◆ ASSIGNMENT ◆
Your answer must be every line below, repeated exactly.

Extracted data entries:
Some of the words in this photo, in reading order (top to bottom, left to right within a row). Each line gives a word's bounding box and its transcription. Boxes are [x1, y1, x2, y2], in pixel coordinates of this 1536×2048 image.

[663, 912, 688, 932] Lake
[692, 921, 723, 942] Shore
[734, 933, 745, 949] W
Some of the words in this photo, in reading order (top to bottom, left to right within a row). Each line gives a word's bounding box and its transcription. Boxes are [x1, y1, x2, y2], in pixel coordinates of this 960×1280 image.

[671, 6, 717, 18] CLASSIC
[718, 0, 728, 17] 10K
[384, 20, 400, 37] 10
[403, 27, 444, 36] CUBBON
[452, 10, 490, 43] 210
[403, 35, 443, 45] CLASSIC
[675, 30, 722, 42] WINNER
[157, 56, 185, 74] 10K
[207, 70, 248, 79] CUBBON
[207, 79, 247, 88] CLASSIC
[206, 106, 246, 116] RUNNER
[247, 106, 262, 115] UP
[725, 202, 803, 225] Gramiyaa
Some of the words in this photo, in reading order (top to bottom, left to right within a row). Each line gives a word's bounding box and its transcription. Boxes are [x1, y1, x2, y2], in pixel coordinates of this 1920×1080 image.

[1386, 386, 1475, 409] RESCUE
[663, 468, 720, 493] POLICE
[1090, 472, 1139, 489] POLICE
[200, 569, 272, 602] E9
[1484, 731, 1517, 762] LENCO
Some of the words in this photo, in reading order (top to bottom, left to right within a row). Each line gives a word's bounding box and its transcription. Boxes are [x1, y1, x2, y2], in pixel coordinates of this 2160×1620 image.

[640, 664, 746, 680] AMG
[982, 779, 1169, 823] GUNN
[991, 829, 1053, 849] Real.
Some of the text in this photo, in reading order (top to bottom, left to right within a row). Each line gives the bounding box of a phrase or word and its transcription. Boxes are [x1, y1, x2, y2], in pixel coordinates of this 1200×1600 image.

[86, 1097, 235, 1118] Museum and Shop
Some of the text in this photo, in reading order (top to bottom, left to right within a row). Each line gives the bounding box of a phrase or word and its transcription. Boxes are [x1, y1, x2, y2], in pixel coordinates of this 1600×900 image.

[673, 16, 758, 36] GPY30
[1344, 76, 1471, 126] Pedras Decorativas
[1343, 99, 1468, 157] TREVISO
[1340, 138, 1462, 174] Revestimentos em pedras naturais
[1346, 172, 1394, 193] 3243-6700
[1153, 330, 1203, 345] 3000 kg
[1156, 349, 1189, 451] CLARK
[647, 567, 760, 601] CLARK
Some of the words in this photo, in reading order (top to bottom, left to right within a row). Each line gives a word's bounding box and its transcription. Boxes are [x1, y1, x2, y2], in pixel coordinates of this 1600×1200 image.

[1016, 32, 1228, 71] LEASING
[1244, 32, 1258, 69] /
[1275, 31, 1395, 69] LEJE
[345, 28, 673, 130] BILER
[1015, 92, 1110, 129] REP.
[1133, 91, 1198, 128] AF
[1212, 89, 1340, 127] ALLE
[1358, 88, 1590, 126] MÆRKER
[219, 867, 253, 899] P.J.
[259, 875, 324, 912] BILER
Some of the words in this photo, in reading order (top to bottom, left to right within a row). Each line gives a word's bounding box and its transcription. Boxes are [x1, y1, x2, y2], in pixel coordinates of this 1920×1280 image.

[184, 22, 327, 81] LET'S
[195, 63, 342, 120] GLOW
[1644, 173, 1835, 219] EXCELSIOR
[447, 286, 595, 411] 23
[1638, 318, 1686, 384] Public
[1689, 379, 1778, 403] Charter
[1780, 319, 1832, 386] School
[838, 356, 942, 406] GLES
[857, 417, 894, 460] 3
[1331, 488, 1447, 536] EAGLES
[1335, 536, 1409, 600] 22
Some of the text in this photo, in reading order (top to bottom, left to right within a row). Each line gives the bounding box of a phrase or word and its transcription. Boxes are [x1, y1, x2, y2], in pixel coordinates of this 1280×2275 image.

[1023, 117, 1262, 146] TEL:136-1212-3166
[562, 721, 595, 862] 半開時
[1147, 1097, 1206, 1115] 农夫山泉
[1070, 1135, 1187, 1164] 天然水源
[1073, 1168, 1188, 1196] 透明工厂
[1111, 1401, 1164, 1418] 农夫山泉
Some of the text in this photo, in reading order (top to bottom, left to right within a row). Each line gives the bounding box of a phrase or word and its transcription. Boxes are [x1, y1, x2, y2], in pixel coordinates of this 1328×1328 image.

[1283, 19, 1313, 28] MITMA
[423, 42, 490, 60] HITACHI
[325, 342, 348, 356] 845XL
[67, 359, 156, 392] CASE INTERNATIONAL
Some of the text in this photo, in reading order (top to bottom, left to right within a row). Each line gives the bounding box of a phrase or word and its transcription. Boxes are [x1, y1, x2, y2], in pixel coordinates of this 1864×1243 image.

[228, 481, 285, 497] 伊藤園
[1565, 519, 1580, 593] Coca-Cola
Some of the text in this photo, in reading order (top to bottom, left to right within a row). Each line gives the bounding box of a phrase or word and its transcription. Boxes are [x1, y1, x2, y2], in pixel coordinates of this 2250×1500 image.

◆ PROBLEM SOLUTION ◆
Some of the words in this photo, in reading order (top to bottom, left to right within a row). Each line gives a word's bounding box and its transcription. Boxes are [x1, y1, x2, y2], in pixel coordinates of this 1536×2048 image.

[663, 912, 688, 932] Lake
[692, 921, 723, 942] Shore
[734, 933, 745, 949] W
Some of the words in this photo, in reading order (top to bottom, left to right within a row). Each line gives a word's bounding box and its transcription. Boxes are [x1, y1, x2, y2], in pixel coordinates of this 960×1280 image.

[671, 6, 717, 18] CLASSIC
[718, 0, 728, 17] 10K
[384, 20, 400, 37] 10
[403, 27, 444, 36] CUBBON
[452, 10, 490, 43] 210
[403, 35, 443, 45] CLASSIC
[675, 30, 722, 42] WINNER
[157, 56, 185, 74] 10K
[207, 70, 248, 79] CUBBON
[207, 79, 247, 88] CLASSIC
[206, 106, 246, 116] RUNNER
[247, 106, 262, 115] UP
[725, 202, 803, 225] Gramiyaa
Some of the words in this photo, in reading order (top to bottom, left to right within a row). Each line gives a word's bounding box and its transcription. Boxes are [x1, y1, x2, y2], in pixel coordinates of this 1920×1080 image.

[1386, 386, 1475, 409] RESCUE
[663, 468, 720, 493] POLICE
[1090, 472, 1139, 489] POLICE
[200, 569, 272, 602] E9
[1484, 731, 1517, 762] LENCO
Some of the words in this photo, in reading order (top to bottom, left to right within a row). Each line gives a word's bounding box and its transcription. Boxes are [x1, y1, x2, y2], in pixel coordinates of this 2160×1620 image.

[640, 664, 746, 680] AMG
[982, 779, 1169, 823] GUNN
[991, 829, 1053, 849] Real.
Some of the text in this photo, in reading order (top to bottom, left to right within a row). Each line gives the bounding box of a phrase or word and its transcription. Boxes are [x1, y1, x2, y2], in pixel coordinates of this 1200×1600 image.

[86, 1097, 235, 1118] Museum and Shop
Some of the text in this photo, in reading order (top to bottom, left to right within a row). Each line gives the bounding box of a phrase or word and its transcription. Boxes are [x1, y1, x2, y2], in pixel coordinates of this 1600×900 image.

[673, 16, 758, 36] GPY30
[1344, 76, 1471, 126] Pedras Decorativas
[1343, 99, 1468, 157] TREVISO
[1340, 138, 1462, 174] Revestimentos em pedras naturais
[1346, 172, 1394, 193] 3243-6700
[1153, 330, 1203, 345] 3000 kg
[1156, 349, 1189, 451] CLARK
[647, 567, 760, 601] CLARK
Some of the words in this photo, in reading order (top to bottom, left to right within a row). Each line gives a word's bounding box and its transcription. Boxes are [x1, y1, x2, y2], in pixel coordinates of this 1600×1200 image.

[1016, 32, 1228, 71] LEASING
[1244, 32, 1258, 69] /
[1275, 31, 1395, 69] LEJE
[345, 28, 673, 130] BILER
[1015, 92, 1110, 129] REP.
[1133, 91, 1198, 128] AF
[1212, 89, 1340, 127] ALLE
[1358, 88, 1590, 126] MÆRKER
[219, 867, 253, 899] P.J.
[259, 875, 324, 912] BILER
Some of the words in this photo, in reading order (top to bottom, left to right within a row). Each line gives a word's bounding box and its transcription. Boxes are [x1, y1, x2, y2], in pixel coordinates of this 1920×1280 image.

[184, 22, 327, 81] LET'S
[195, 63, 342, 120] GLOW
[1644, 173, 1835, 219] EXCELSIOR
[447, 286, 595, 411] 23
[1638, 318, 1686, 384] Public
[1689, 379, 1778, 403] Charter
[1780, 319, 1832, 386] School
[838, 356, 942, 406] GLES
[857, 417, 894, 460] 3
[1331, 488, 1447, 536] EAGLES
[1335, 536, 1409, 600] 22
Some of the text in this photo, in reading order (top to bottom, left to right within a row). Each line gives the bounding box of a phrase or word and its transcription. Boxes are [x1, y1, x2, y2], in pixel coordinates of this 1280×2275 image.

[1023, 117, 1262, 146] TEL:136-1212-3166
[562, 721, 595, 862] 半開時
[1147, 1097, 1206, 1115] 农夫山泉
[1070, 1135, 1187, 1164] 天然水源
[1073, 1168, 1188, 1196] 透明工厂
[1111, 1401, 1164, 1418] 农夫山泉
Some of the text in this photo, in reading order (top to bottom, left to right within a row). Each line gives the bounding box of a phrase or word and its transcription. Boxes are [x1, y1, x2, y2], in pixel coordinates of this 1328×1328 image.

[1283, 19, 1313, 28] MITMA
[423, 42, 490, 60] HITACHI
[325, 342, 348, 356] 845XL
[67, 359, 156, 392] CASE INTERNATIONAL
Some of the text in this photo, in reading order (top to bottom, left to right within a row). Each line gives the bounding box of a phrase or word and its transcription. Boxes are [x1, y1, x2, y2], in pixel coordinates of this 1864×1243 image.

[228, 481, 285, 497] 伊藤園
[1565, 519, 1580, 593] Coca-Cola
Some of the text in this photo, in reading order (top to bottom, left to right within a row). Each line gives the bounding box of a phrase or word and its transcription. Boxes are [x1, y1, x2, y2], in pixel coordinates of this 2250×1500 image.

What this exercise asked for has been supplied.